Gender differences: In spite of the low quantity of men and women in the current contribution (4 persons), statistical analysis gives certain value to the gender differences observed. The majority of Guinness records in long duration swimming or in cold waters (24 h in river or pool, triple crossings of the English Channel, ultra-long swims in the sea, crossing to the Bering Straits, etc.) were done by women, indicating a greater physical as well as mental capacity of the organism to handle extremely long-duration exercise.

Women oxidize proportionally more lipids than CHO and proteins compared to men, in both training periods and continuous exercise of moderate intensity (Friedlander et al., 1998; Carter et al., 2001). Muscular damage after eccentric exercise is less in women (Kerksick et al., 2008). It is supposed that the mechanism of this difference is in the hormonal response and particularly of catecholamines (Horton et al., 1998), which is lower in women. The possible antioxidant effect of estrogens in women is also worth mentioning. A recent study showed that during exercise a lower level of the product of peroxidation (8-isprostan) and a higher level of SOD was found in women after eccentric exercise (Kerksick et al., 2008). Gender differences in the metabolic response in the present study coincide with these data. During the entire LDS, women showed a lower index of muscular damage (CK), a lower level of urea and a lower lymphocyte response, with a tendency to a decrease in glucose, lactate and triglycerides.

Surprisingly, in the women swimmers of the present study the level of oxidative stress measured by the TBARS levels was greater and total serum AOC (principally non-enzymatic) was lower than in men during the entire LDS. We suppose that the greater metabolic activity of lipids in women is accompanied by greater and earlier mobilization of unsaturated fatty acids (the substrate for lipoperoxidation) and consequently a greater decrease of non-enzymatic AOC in the blood. The initial levels of both these parameters in control group women did not differ from the same in experimental group women. In each case, there were no significant changes between the two groups in relation to these parameters. On the other hand, the initial TBARS levels was significantly greater and those of AOC significantly lower in experimental group men tan control group men, confirming that training affects the oxidant/antioxidant state in men to a greater extent than in women.


CONCLUSIONS
The decrease in the TBARS levels in the first half of the LDS correlates with an increase in total serum AOC, which most likely reflects the mobilization of non-enzymatic antioxidants from other tissues during this period.

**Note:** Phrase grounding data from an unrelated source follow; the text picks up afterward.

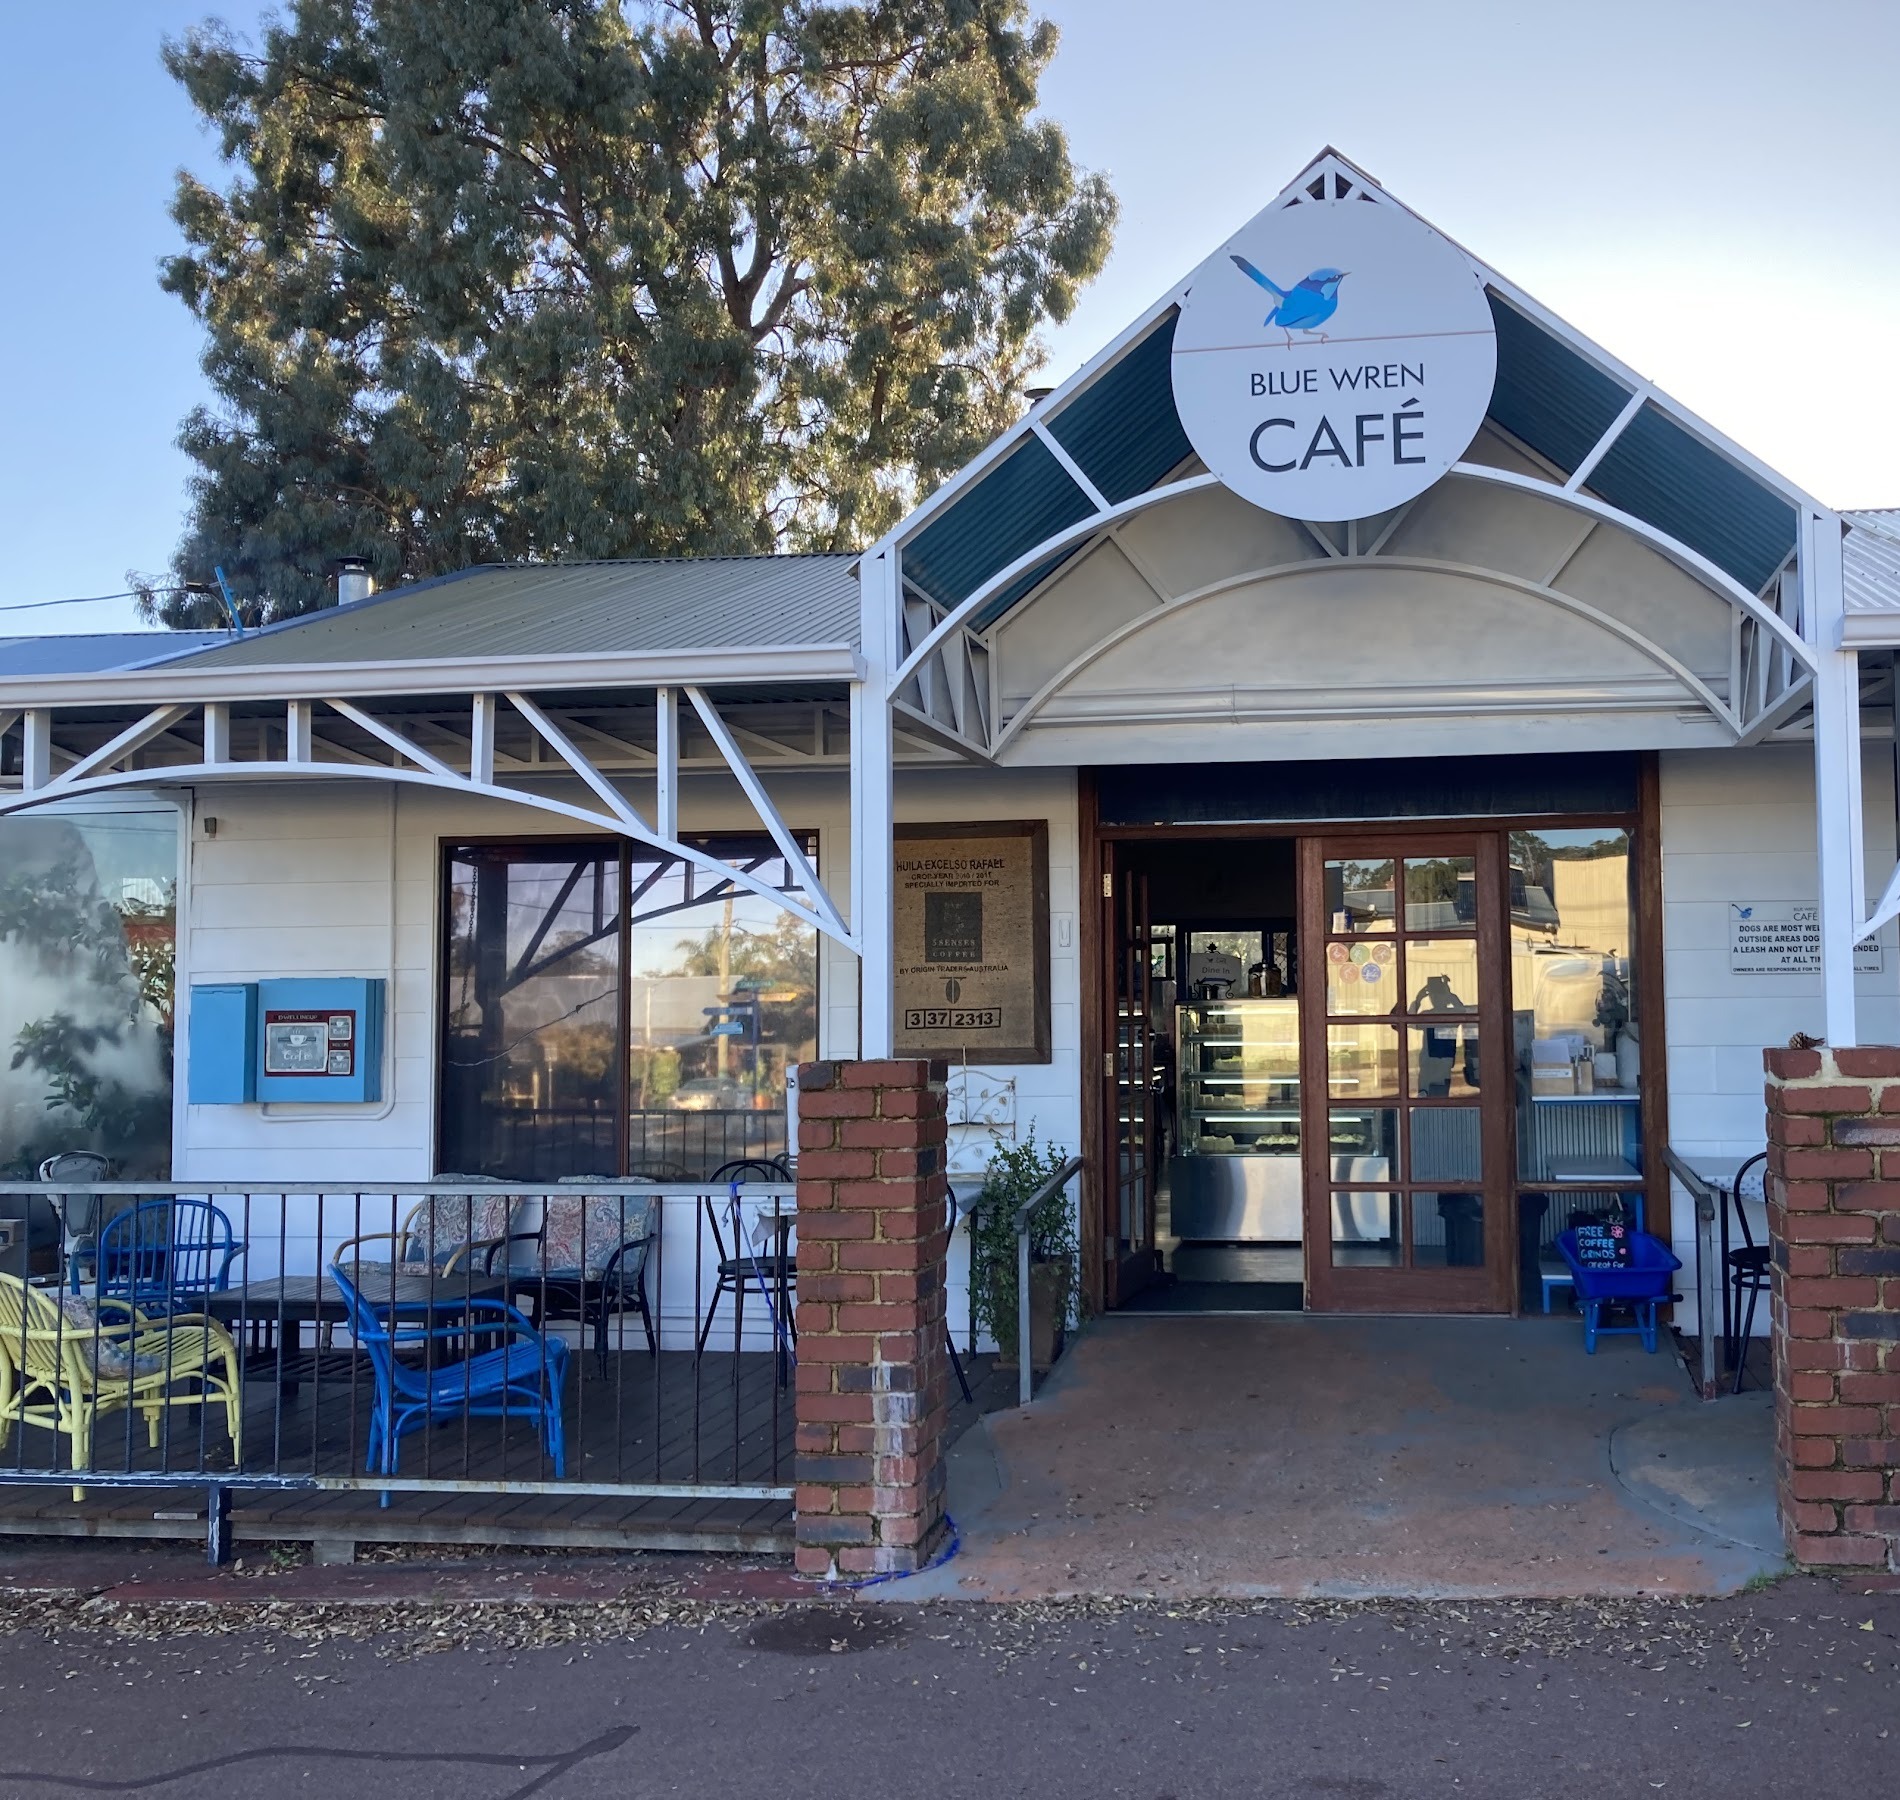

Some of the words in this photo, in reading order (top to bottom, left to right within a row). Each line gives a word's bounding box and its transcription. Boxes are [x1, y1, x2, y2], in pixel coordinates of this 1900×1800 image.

[1250, 369, 1318, 396] BLUE
[1328, 363, 1424, 391] WREN
[1249, 397, 1426, 473] CAFÉ
[896, 860, 922, 872] HUILA
[925, 859, 968, 870] EXCELSO
[970, 858, 1005, 870] RAFAEL
[904, 881, 943, 889] SPECIALLY
[946, 880, 982, 888] IMPORTED
[1780, 924, 1802, 932] MOST
[1781, 956, 1791, 964] AT
[910, 966, 935, 974] ORIGIN
[1202, 966, 1220, 974] Dine
[910, 1012, 921, 1026] 3
[927, 1012, 948, 1026] 37
[954, 1012, 994, 1026] 2313
[1578, 1226, 1604, 1237] FREE
[1579, 1238, 1614, 1248] COFFEE
[1580, 1248, 1616, 1259] GRINDS
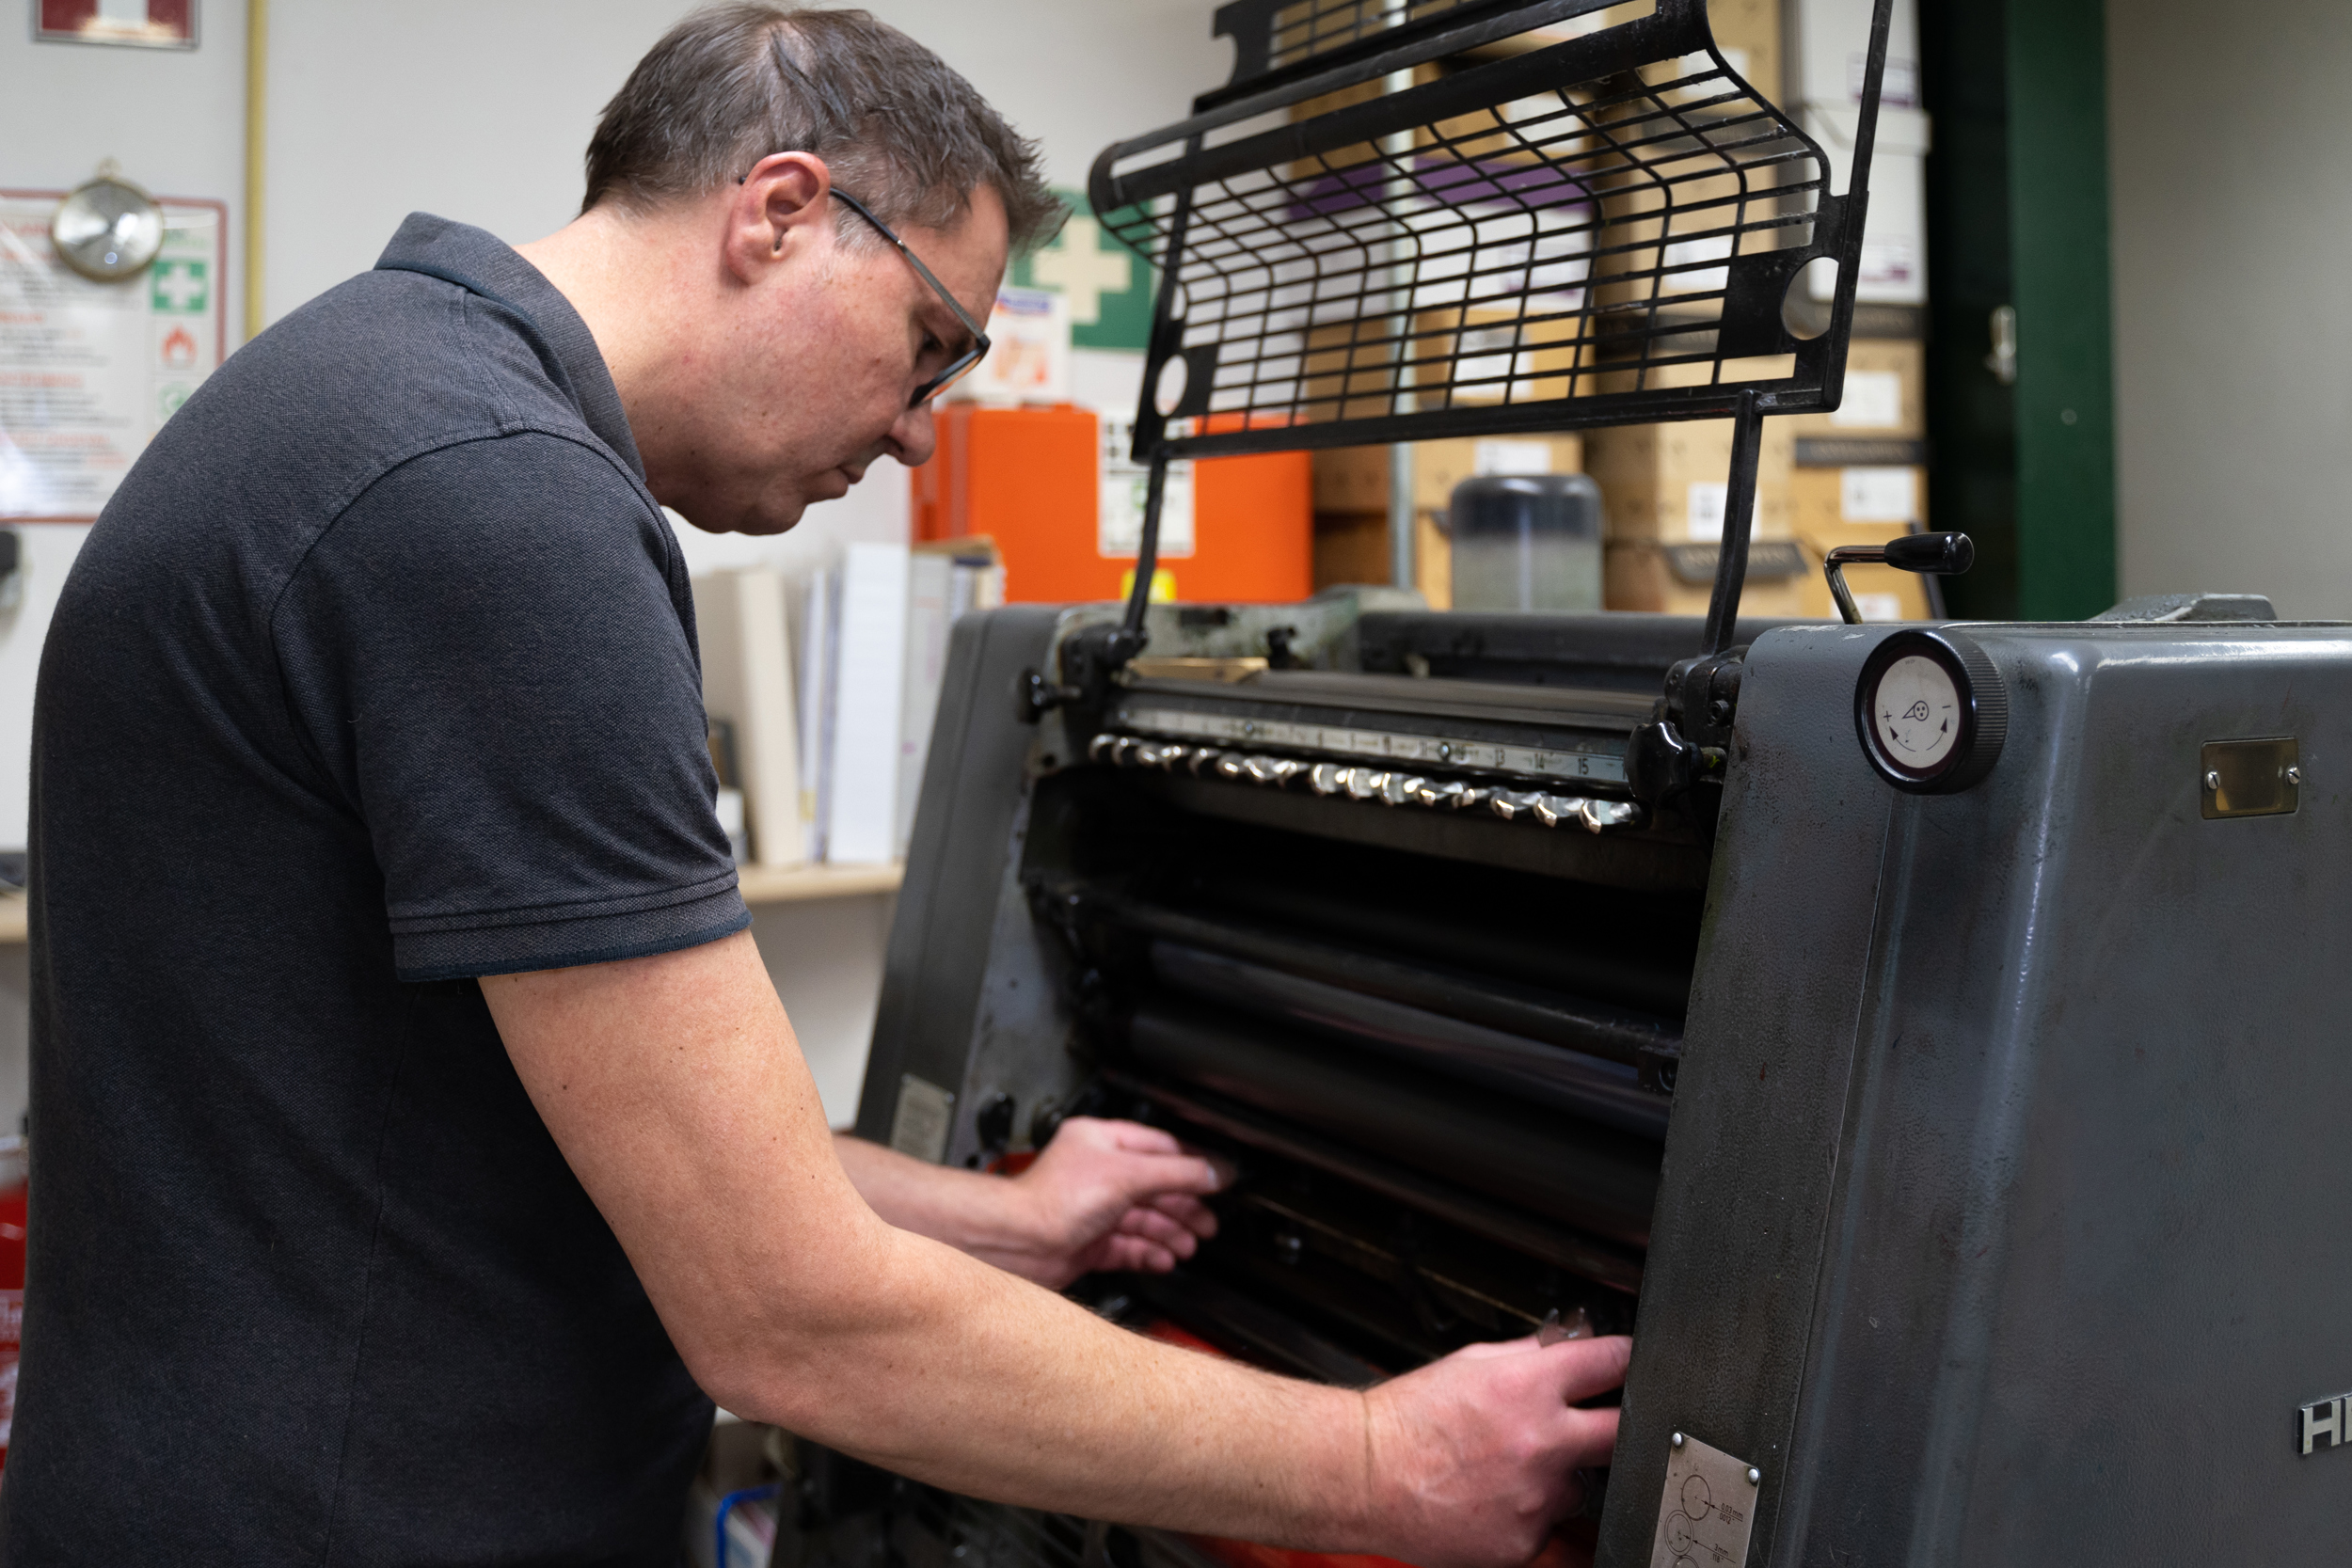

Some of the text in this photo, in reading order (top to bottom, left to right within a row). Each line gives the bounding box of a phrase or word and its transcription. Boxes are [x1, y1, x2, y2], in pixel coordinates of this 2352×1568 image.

Contrary changes in the second part of the LDS probably were determined by the decrease of AOC, as well as muscular inflammation during this period.

There is a significant gender difference in the oxidant/antioxidant response during swimming, probably related to peculiarities in energetic metabolism and its regulation during exercise in men and women.


ACKNOWLEDGMENTS
This study was partially supported by Consejo Nacional de Ciencia y Tecnología de México (CONACYT). We are indebted to the following institutional funding sources for their valuable help in this study: Operation and Promotion of Academic Activities and Post grade and Investigation General Coordination, both of them at The National Polytechnic Institute in Mexico City. We thank Bruce Allan Larsen for reviewing the use of English in this manuscript.